ALHAMDULILLAH kita telah menuntaskan puasa wajib bulan Ramadan. Sekarang umat Islam masuk di bulan Syawal. Dalam bulan Syawal, kita disunahkan untuk berpuasa enam hari.
Pada tulisan kali ini, kita membahas tiga hal terkait puasa Syawal. Hal itu ialah puasa enam hari Syawal harus berurutan atau boleh terpisah, hukum membatalkan puasa Syawal, dan saat silaturahmi sebaiknya melanjutkan puasa Syawal atau boleh dibatalkan. Berikut pendapat ulama tentang tiga hal terkait puasa Syawal
Puasa enam hari bulan Syawal harus berurutan atau boleh terpisah?
Jawabannya, tidak harus berurutan. Karena memang teks hadis yang menyebutkan itu tidak memberikan tambahan adanya tatabbu'an atau berurutan.
Teks hadis yang ada bersifat mutlak begitu saja. Karenanya tidak harus berurutan, boleh dikerjakan secara terpisah. Yang penting masih di bulan Syawal.
Lagi pula, keutamaan puasa setahun itu sebab jumlah harinya yakni 30 hari Ramadan sama dengan 300 hari dan 6 hari syawal sama dengan 60 hari. Keutamaan ini bisa didapatkan walaupun tidak berurutan puasa Syawal.
Imam Nawawi mengatakan tentang hal itu.
وَالْأَفْضَلُ أَنْ تُصَامَ السِّتَّةُ مُتَوَالِيَةً عَقِبَ يَوْمِ الْفِطْرِ فَإِنْ فَرَّقَهَا أَوْ أَخَّرَهَا عَنْ أَوَائِلِ شَوَّالٍ إِلَى أَوَاخِرِهِ حَصَلَتْ فَضِيلَةُ الْمُتَابَعَةِ لِأَنَّهُ يَصْدُقُ أَنَّهُ أَتْبَعَهُ سِتًّا مِنْ شَوَّالٍ قَالَ الْعُلَمَاءُ وَإِنَّمَا كَانَ ذَلِكَ كَصِيَامِ الدَّهْرِ لِأَنَّ الْحَسَنَةَ بِعَشْرِ أَمْثَالِهَا فَرَمَضَانُ بِعَشَرَةِ أَشْهُرٍ وَالسِّتَّةُ بِشَهْرَيْنِ وَقَدْ جَاءَ هَذَا فِي حَدِيثٍ مَرْفُوعٍ فِي كِتَابِ النَّسَائِيِّ
Yang paling utama adalah puasa enam hari (Syawal) dilakukan secara berurutan setelah hari Idul Fitri.

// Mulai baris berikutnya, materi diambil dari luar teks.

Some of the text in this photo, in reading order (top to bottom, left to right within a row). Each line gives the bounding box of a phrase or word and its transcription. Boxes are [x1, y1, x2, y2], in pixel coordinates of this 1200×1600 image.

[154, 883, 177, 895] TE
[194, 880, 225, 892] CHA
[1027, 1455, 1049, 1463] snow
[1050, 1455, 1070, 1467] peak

Namun, jika seseorang memisahkannya atau menundanya dari awal Syawal hingga akhir bulan, ia tetap mendapatkan keutamaan mengikuti (puasa Ramadan dengan puasa Syawal), karena secara makna tetap dianggap telah mengikuti Ramadan dengan enam hari dari Syawal.
Para ulama berkata puasa enam hari Syawal disamakan dengan puasa sepanjang tahun, karena satu kebaikan dilipatgandakan 10 kali lipat. Maka, puasa Ramadan setara dengan 10 bulan dan enam hari Syawal setara dengan dua bulan. Hal ini juga disebutkan dalam hadits marfu yang terdapat dalam kitab An-Nasai. (Syarh Shahih Muslim Juz 8 Hal 56).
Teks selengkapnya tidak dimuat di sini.